"""
Base LLM provider class that defines the interface for all LLM providers.
"""
from abc import ABC, abstractmethod
from typing import Any, Dict, List, Optional, Union
class BaseLLMProvider(ABC):
"""Base class for LLM providers."""
@abstractmethod
async def initialize(self) -> None:
"""Initialize the LLM provider with necessary configurations."""
pass
@abstractmethod
async def chat_completion(
self,
messages: List[Dict[str, str]],
model: Optional[str] = None,
temperature: Optional[float] = None,
max_tokens: Optional[int] = None,
tools: Optional[List[Dict[str, Any]]] = None,
tool_choice: Optional[Union[str, Dict[str, Any], Any]] = None,
**kwargs,
) -> Dict[str, Any]:
"""
Generate a chat completion using the LLM provider.
Args:
messages: List of message objects with role and content.
model: Model ID to use for completion.
temperature: Sampling temperature between 0 and 2.
max_tokens: Maximum number of tokens to generate.
tools: List of tool objects the model may call.
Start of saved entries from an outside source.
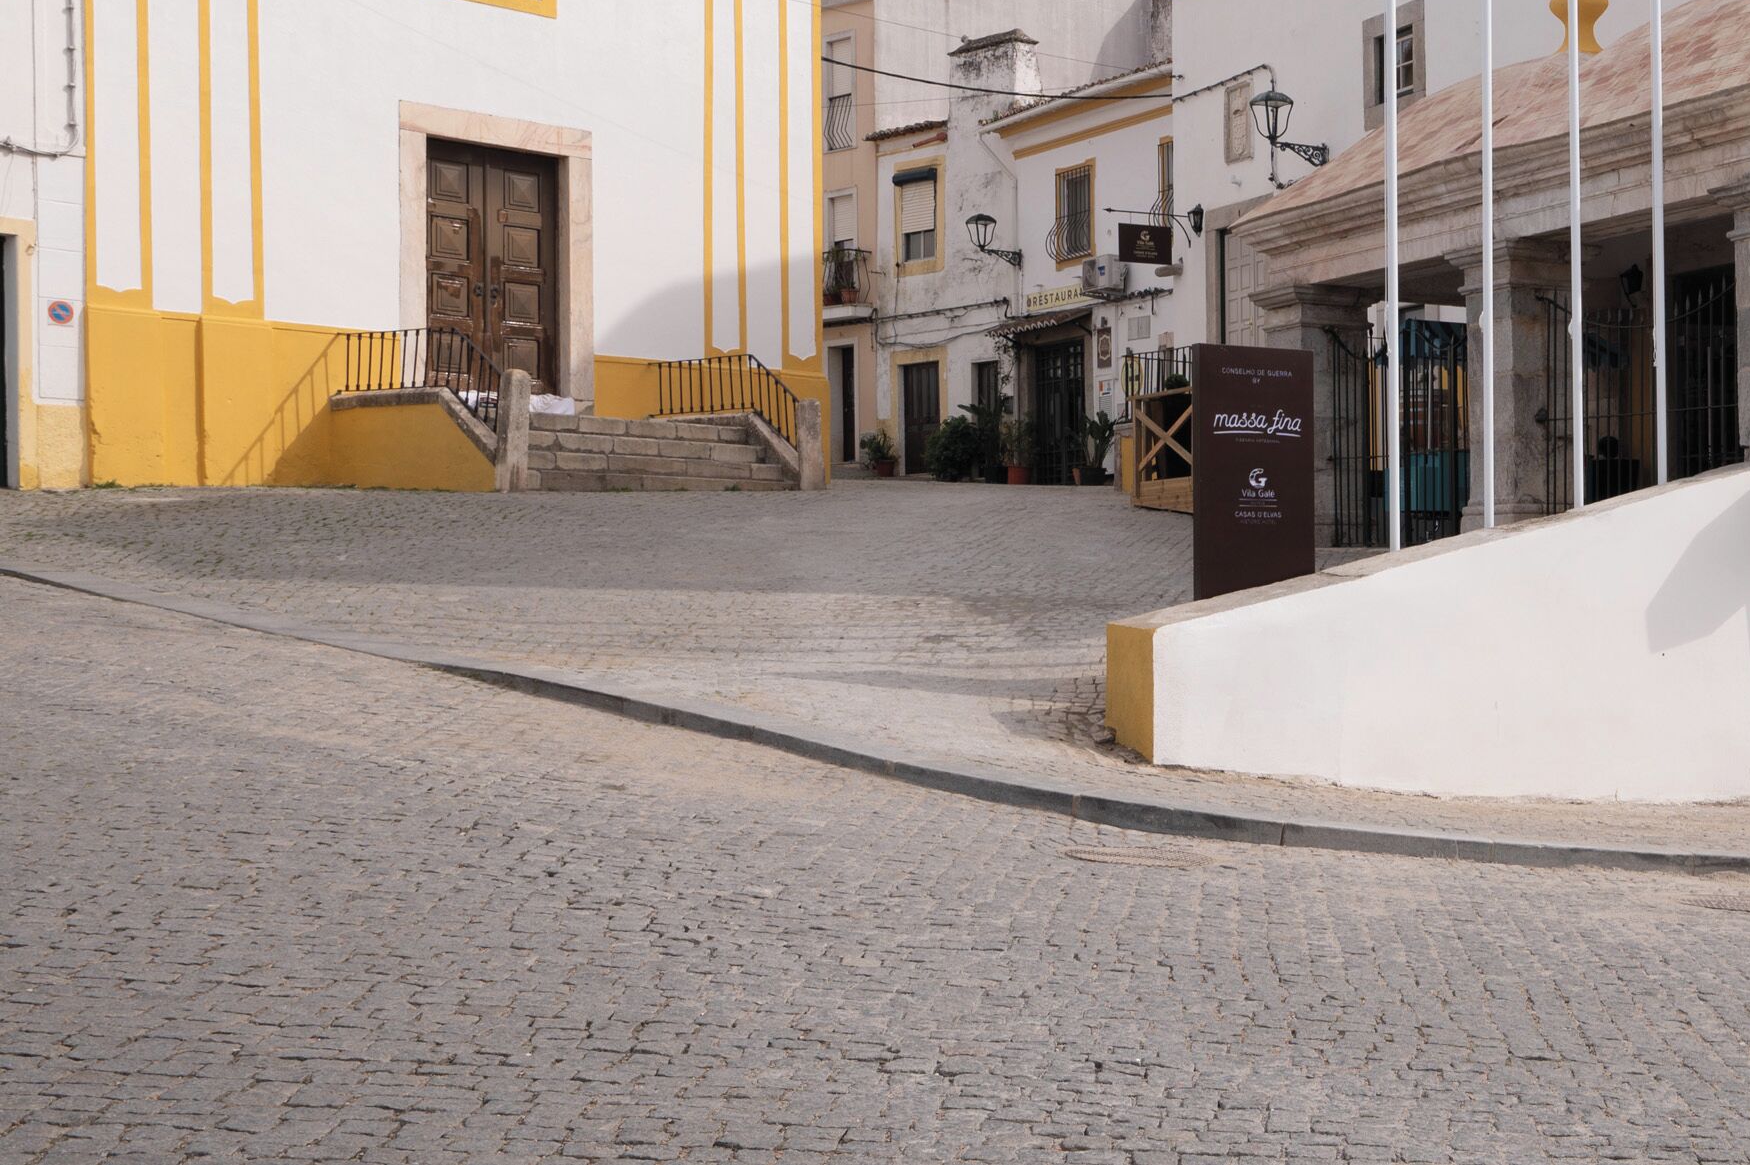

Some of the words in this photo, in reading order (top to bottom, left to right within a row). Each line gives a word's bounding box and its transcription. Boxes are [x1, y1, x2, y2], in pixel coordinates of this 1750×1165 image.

[1221, 367, 1255, 376] CONSELHO
[1213, 412, 1268, 428] massa
[1267, 409, 1301, 434] fina
[1241, 489, 1256, 498] Vila
[1258, 488, 1275, 498] Galé
[1234, 510, 1256, 518] CASAS
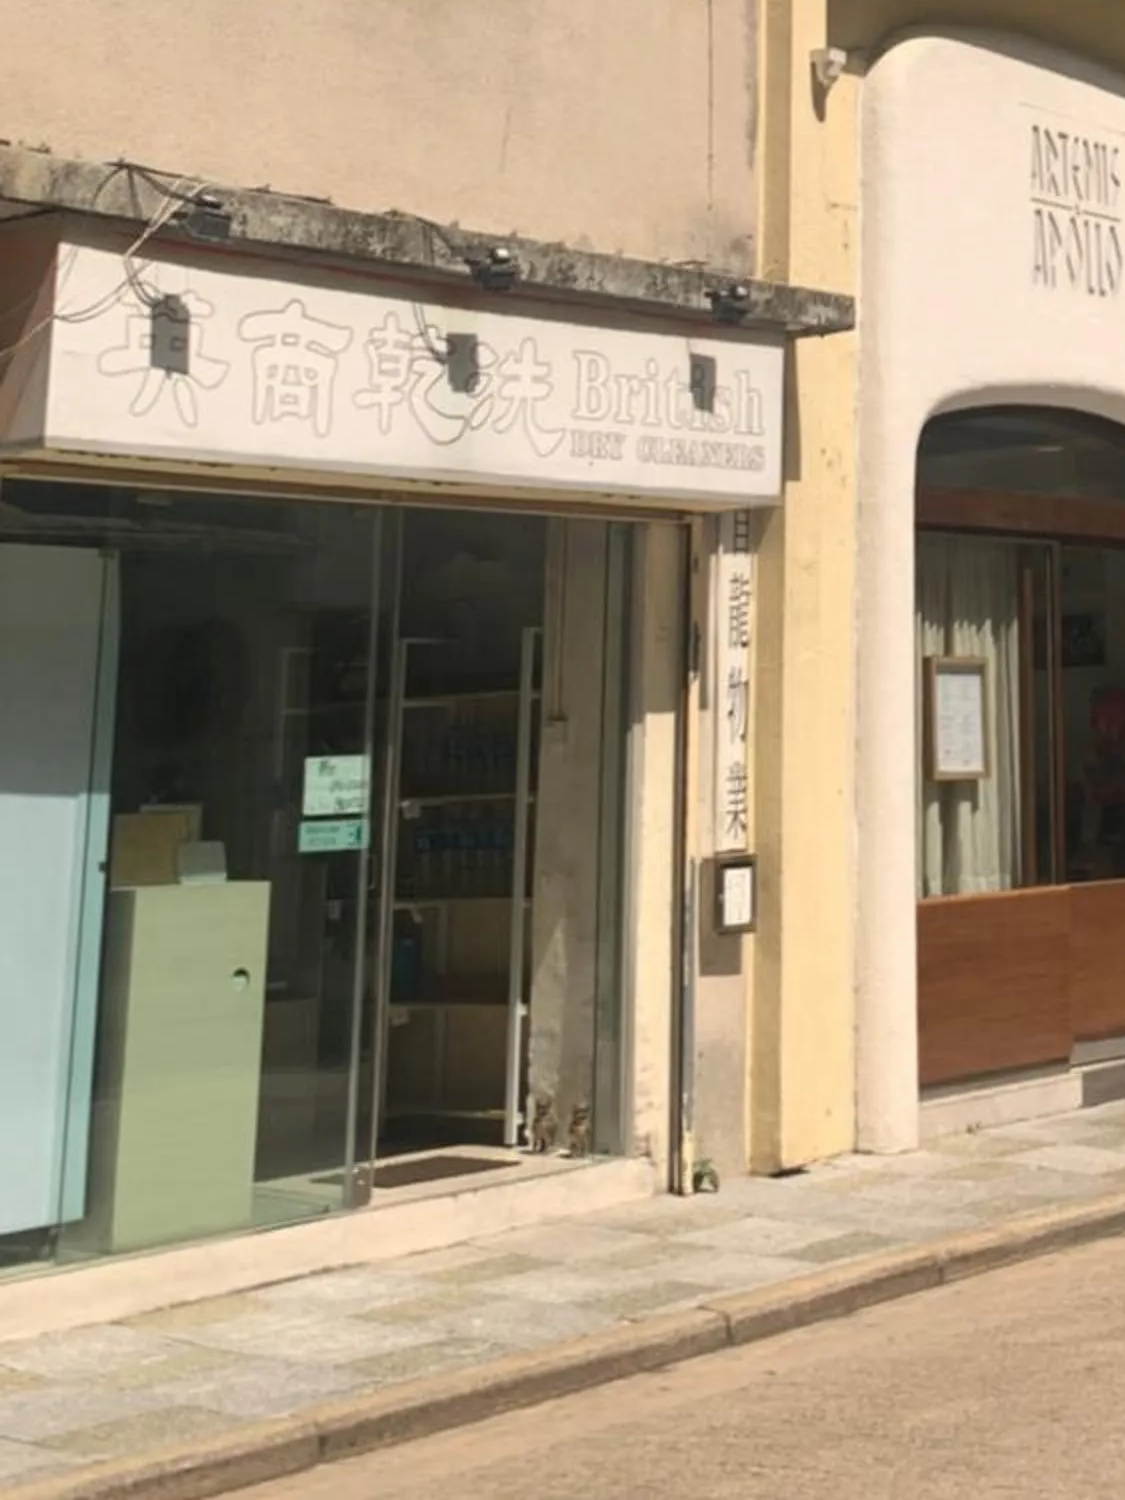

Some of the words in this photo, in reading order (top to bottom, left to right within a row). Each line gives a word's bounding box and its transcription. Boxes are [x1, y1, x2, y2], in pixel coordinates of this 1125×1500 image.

[97, 281, 566, 457] 英商乾洗
[571, 349, 765, 436] British
[569, 428, 627, 460] DRY
[636, 435, 766, 471] CLEANERS
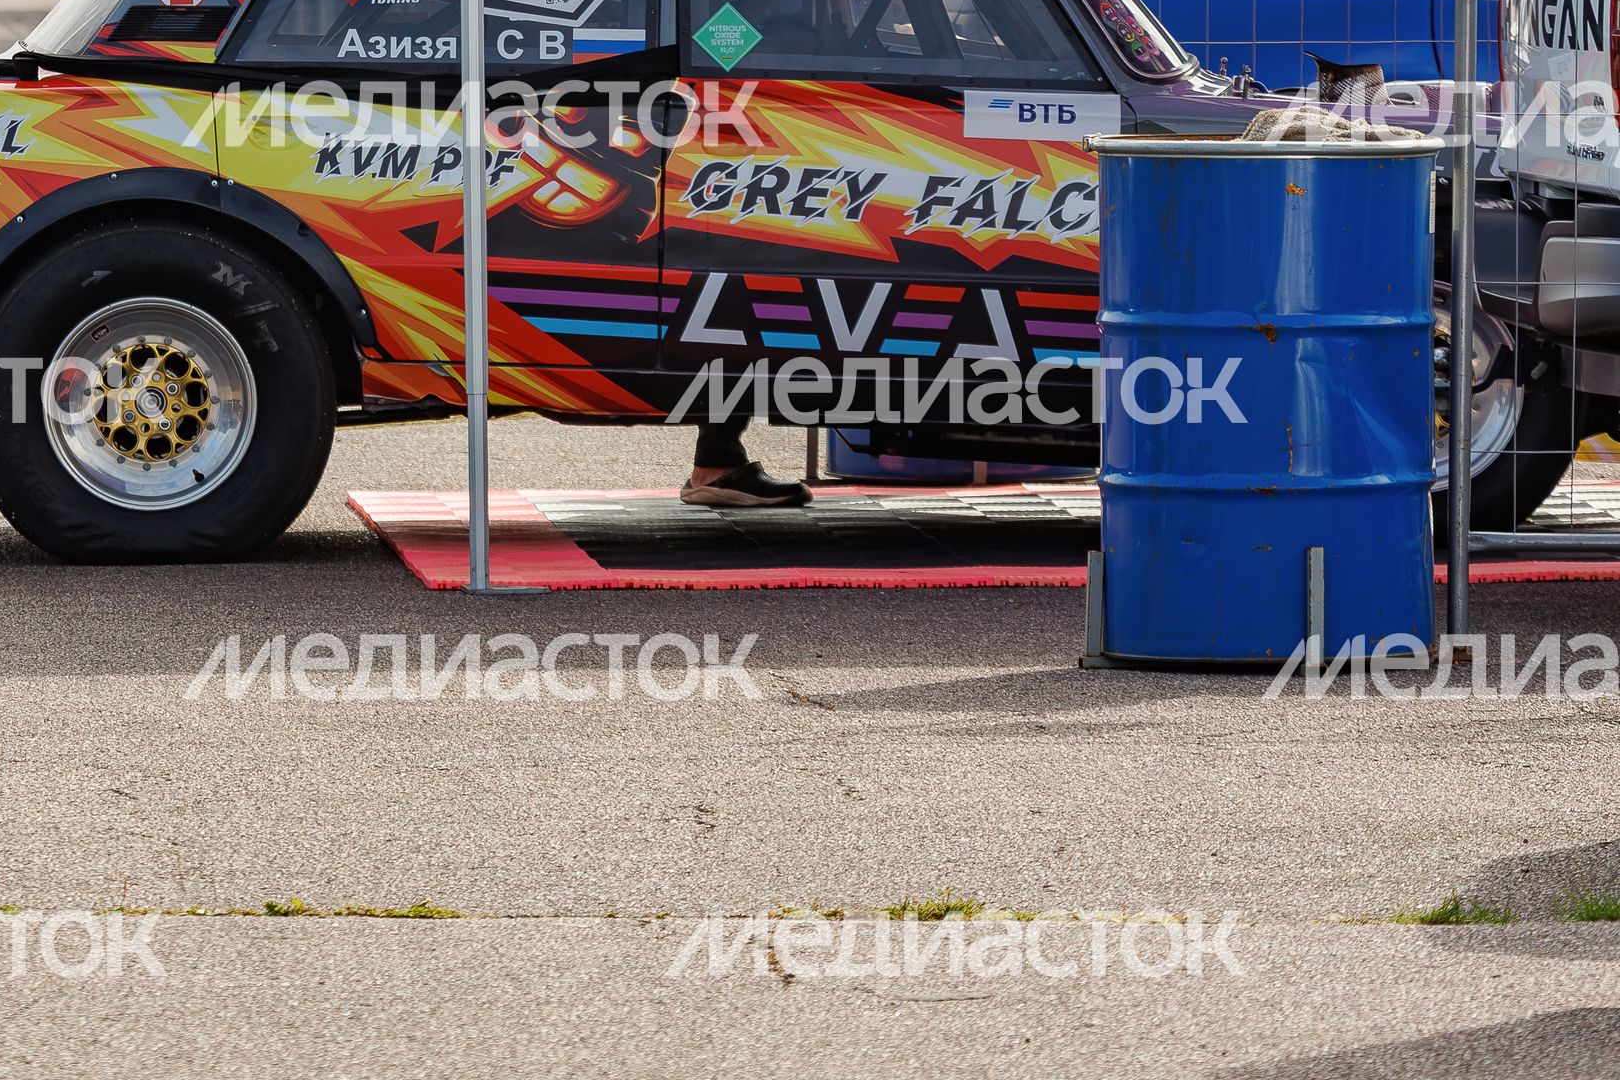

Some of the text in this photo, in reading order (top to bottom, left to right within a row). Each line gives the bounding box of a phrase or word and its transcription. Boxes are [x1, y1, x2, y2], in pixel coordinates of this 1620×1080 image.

[337, 28, 457, 59] Азизя
[1017, 102, 1077, 125] ВТБ
[681, 157, 1100, 241] GREY FALC
Format varies by provider.
For OpenAI-compatible providers, this follows the OpenAI function calling format.
tool_choice: Controls which (if any) tool is called by the model.
May be ignored by providers that don't support tool selection.
**kwargs: Additional provider-specific parameters.
Returns:
Response from the LLM provider, normalized to a consistent format:
{
"choices": [
{
"message": {
"content": str, # The response content
"role": str, # The role (usually "assistant")
"tool_calls": List[Dict] or None # Tool calls if any
},
"index": int,
"finish_reason": str
}
]
}
Note: The tool_calls format follows OpenAI's format but may be empty or None
for providers that don't support tools or if no tools were called.
"""
pass
@abstractmethod
def get_model_name(self) -> str:
"""Get the default model name for this provider."""
pass
def has_tool_support(self) -> bool:
"""
Check if this provider supports tool/function calling.
Returns:
True if the provider supports tools, False otherwise.
"""
return True # Default implementation assumes tool support